THE DATA START
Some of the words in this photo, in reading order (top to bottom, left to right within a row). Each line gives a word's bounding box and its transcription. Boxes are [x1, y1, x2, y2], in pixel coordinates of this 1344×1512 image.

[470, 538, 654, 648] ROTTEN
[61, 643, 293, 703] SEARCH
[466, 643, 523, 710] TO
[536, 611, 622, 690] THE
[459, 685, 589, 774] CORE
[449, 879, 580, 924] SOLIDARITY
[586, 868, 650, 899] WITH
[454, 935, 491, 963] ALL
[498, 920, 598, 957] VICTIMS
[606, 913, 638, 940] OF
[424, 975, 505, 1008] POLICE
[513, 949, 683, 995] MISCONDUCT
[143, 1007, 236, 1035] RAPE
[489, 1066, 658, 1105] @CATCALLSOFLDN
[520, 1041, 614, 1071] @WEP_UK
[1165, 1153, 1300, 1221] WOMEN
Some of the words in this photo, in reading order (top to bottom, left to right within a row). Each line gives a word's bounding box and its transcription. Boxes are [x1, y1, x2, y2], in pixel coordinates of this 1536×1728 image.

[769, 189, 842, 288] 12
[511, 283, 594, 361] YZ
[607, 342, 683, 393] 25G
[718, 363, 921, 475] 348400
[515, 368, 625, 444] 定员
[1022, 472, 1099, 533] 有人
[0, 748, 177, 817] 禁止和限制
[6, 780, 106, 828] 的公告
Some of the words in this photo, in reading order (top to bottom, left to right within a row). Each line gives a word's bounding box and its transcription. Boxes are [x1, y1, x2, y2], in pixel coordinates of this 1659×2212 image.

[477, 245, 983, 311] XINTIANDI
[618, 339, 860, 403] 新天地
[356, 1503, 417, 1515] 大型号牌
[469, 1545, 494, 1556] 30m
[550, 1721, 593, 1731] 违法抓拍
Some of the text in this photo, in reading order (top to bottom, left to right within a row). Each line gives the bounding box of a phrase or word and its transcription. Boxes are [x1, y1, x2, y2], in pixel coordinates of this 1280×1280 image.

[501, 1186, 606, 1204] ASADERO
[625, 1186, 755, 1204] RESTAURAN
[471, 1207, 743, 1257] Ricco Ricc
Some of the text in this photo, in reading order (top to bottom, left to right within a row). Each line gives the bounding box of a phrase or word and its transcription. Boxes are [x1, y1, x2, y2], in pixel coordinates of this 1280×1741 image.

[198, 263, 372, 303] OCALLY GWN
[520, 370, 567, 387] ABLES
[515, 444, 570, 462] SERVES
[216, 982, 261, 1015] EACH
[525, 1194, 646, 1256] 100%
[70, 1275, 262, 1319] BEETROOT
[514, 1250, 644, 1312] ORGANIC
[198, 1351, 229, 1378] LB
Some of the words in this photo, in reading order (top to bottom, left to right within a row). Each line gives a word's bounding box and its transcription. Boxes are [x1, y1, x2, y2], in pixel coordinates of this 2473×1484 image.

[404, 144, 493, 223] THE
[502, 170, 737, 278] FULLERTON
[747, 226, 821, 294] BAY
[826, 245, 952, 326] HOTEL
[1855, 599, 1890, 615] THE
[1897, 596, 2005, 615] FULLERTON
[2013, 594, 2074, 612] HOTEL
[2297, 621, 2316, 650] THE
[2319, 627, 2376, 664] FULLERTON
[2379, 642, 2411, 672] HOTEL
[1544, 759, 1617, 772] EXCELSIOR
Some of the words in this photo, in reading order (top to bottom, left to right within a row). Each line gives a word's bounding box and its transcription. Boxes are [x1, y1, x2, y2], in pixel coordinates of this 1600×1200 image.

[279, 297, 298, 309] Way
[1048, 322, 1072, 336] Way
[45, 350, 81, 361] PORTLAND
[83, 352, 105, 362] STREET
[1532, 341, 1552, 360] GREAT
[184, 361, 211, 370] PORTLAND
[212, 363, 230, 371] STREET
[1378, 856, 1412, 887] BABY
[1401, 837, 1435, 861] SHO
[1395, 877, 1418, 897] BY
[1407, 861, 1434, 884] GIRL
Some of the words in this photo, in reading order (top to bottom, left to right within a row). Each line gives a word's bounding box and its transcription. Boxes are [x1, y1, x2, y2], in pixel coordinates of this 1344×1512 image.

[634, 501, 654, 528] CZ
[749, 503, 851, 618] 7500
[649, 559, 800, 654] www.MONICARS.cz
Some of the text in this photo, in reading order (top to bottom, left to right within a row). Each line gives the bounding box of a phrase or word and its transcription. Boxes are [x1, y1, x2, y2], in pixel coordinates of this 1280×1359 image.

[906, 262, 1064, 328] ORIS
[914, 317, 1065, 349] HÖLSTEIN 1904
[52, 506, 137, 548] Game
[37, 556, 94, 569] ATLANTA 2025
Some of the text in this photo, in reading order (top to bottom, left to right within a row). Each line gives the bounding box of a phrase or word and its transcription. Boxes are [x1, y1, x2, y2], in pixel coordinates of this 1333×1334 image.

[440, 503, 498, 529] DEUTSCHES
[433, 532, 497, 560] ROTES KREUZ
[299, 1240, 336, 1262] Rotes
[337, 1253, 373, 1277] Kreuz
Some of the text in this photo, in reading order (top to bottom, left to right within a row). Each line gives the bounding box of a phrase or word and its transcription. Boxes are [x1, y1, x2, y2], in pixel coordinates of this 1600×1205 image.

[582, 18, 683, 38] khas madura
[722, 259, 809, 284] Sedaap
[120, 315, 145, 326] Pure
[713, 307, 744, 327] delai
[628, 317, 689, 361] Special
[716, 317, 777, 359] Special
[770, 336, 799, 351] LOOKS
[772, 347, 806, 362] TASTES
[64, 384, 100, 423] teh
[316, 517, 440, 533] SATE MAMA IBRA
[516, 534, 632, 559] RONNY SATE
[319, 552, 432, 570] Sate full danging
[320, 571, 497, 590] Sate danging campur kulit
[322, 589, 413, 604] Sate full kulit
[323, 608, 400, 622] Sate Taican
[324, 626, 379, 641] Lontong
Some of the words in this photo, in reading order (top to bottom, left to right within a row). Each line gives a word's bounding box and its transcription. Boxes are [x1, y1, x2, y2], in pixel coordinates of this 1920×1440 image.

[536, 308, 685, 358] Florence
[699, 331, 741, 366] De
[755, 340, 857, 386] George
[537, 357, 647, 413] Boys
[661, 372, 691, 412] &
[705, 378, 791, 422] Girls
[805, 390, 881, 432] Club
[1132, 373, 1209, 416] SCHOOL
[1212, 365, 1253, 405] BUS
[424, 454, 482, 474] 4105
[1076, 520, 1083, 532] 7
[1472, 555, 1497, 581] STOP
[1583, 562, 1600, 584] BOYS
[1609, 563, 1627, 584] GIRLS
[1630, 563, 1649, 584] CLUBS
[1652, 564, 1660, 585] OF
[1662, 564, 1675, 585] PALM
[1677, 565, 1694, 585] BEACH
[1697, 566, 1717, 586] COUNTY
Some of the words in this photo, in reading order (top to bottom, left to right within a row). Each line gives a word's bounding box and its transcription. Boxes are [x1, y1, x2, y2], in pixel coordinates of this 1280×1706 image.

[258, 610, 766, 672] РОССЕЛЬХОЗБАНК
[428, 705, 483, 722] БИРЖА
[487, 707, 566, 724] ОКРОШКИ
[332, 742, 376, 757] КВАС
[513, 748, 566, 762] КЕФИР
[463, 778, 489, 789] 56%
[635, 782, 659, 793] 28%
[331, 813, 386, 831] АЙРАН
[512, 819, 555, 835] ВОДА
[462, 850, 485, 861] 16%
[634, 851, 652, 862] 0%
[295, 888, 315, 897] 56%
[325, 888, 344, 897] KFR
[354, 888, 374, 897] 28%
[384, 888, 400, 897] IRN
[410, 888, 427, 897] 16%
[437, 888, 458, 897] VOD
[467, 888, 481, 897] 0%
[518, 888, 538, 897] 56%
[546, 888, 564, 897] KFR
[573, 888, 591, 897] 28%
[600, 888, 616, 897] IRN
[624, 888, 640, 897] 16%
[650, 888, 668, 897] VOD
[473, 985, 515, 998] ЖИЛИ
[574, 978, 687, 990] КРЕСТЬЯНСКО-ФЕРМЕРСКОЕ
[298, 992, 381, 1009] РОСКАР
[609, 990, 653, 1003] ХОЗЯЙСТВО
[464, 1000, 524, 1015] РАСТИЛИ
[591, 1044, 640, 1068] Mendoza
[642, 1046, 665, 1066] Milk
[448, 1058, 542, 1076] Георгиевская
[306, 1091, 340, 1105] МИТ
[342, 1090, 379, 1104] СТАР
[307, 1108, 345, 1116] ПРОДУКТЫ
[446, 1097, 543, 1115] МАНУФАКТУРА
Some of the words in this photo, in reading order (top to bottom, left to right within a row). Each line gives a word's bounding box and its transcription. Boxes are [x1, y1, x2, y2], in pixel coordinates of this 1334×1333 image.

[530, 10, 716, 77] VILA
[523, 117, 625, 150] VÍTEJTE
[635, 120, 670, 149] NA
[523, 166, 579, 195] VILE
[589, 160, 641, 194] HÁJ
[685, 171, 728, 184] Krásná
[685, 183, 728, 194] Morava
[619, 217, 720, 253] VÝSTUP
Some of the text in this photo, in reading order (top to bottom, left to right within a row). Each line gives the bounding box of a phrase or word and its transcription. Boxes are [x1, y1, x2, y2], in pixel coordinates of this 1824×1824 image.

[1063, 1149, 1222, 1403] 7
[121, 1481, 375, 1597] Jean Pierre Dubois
THE DATA END
**WHAT THE TASK REQUIRES**
Would you set down exactly the lines from the line with "this 1824×1824 image." through the last one in the material?

**SOLUTION FOR THIS EXERCISE**
Some of the text in this photo, in reading order (top to bottom, left to right within a row). Each line gives the bounding box of a phrase or word and its transcription. Boxes are [x1, y1, x2, y2], in pixel coordinates of this 1824×1824 image.

[1063, 1149, 1222, 1403] 7
[121, 1481, 375, 1597] Jean Pierre Dubois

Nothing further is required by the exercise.